When you copy the entries, keep every word exactly as it stands.
[Opening Data for this task section]
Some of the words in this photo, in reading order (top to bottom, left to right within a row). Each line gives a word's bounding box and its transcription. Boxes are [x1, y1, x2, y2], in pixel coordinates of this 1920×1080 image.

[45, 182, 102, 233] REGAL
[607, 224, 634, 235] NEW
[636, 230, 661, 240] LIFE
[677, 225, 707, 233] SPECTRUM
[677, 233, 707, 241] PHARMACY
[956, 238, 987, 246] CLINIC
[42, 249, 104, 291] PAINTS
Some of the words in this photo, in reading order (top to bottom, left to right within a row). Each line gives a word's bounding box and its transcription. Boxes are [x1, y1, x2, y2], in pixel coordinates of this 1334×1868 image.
[Closing Data for this task section]
Problem solution:
Some of the words in this photo, in reading order (top to bottom, left to right within a row). Each line gives a word's bounding box and its transcription. Boxes are [x1, y1, x2, y2], in pixel coordinates of this 1920×1080 image.

[45, 182, 102, 233] REGAL
[607, 224, 634, 235] NEW
[636, 230, 661, 240] LIFE
[677, 225, 707, 233] SPECTRUM
[677, 233, 707, 241] PHARMACY
[956, 238, 987, 246] CLINIC
[42, 249, 104, 291] PAINTS
Some of the words in this photo, in reading order (top to bottom, left to right within a row). Each line gives a word's bounding box and its transcription. Boxes are [x1, y1, x2, y2], in pixel coordinates of this 1334×1868 image.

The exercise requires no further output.